結論|値下げは“反応が止まった瞬間”に検討する。感覚ではなく数字で判断すべき
不動産売却で最も難しい判断が「いつ値下げするか」です。結論から言えば、値下げの判断は感覚や不安ではなく、アクセス数・問い合わせ数・内覧数という“反応データ”で行うべきです。
早すぎる値下げは損につながり、遅すぎる値下げは売却期間を無駄に延ばします。
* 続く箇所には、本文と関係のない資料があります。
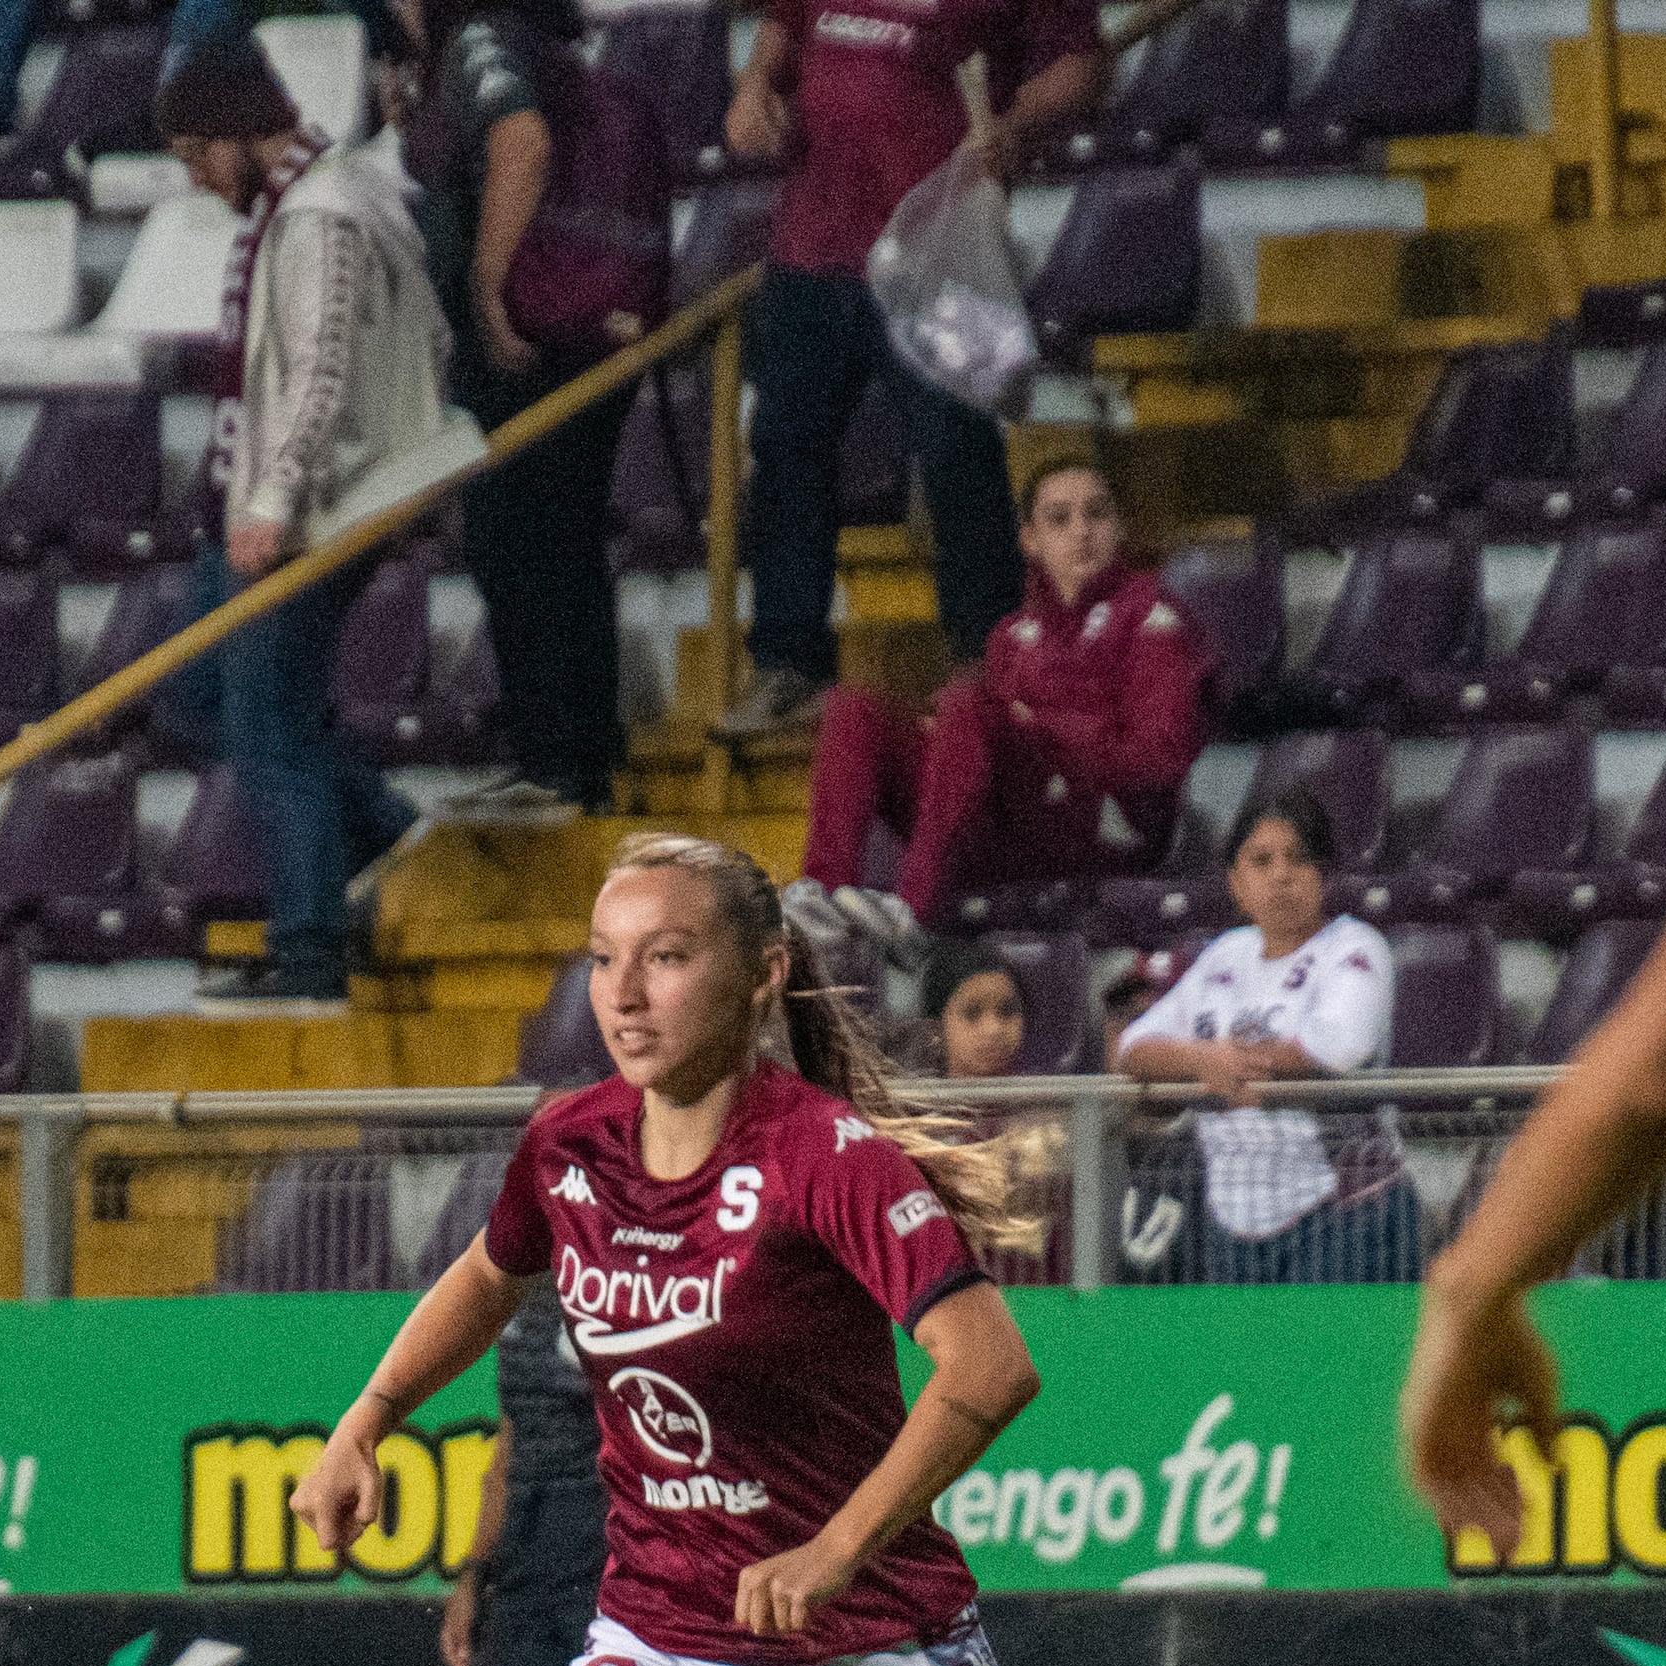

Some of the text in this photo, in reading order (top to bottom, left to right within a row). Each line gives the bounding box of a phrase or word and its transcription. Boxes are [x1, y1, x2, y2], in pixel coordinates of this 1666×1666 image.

正しい指標を知ることで、値下げは“最後の手段”ではなく“戦略”になります。
はじめに|なぜ値下げの判断で失敗するのか
「売れないから下げた方がいいと言われた」
「周りが下げているから不安になった」
こうした理由で値下げを決めてしまい、本来不要だった値下げをしているケースは非常に多いです。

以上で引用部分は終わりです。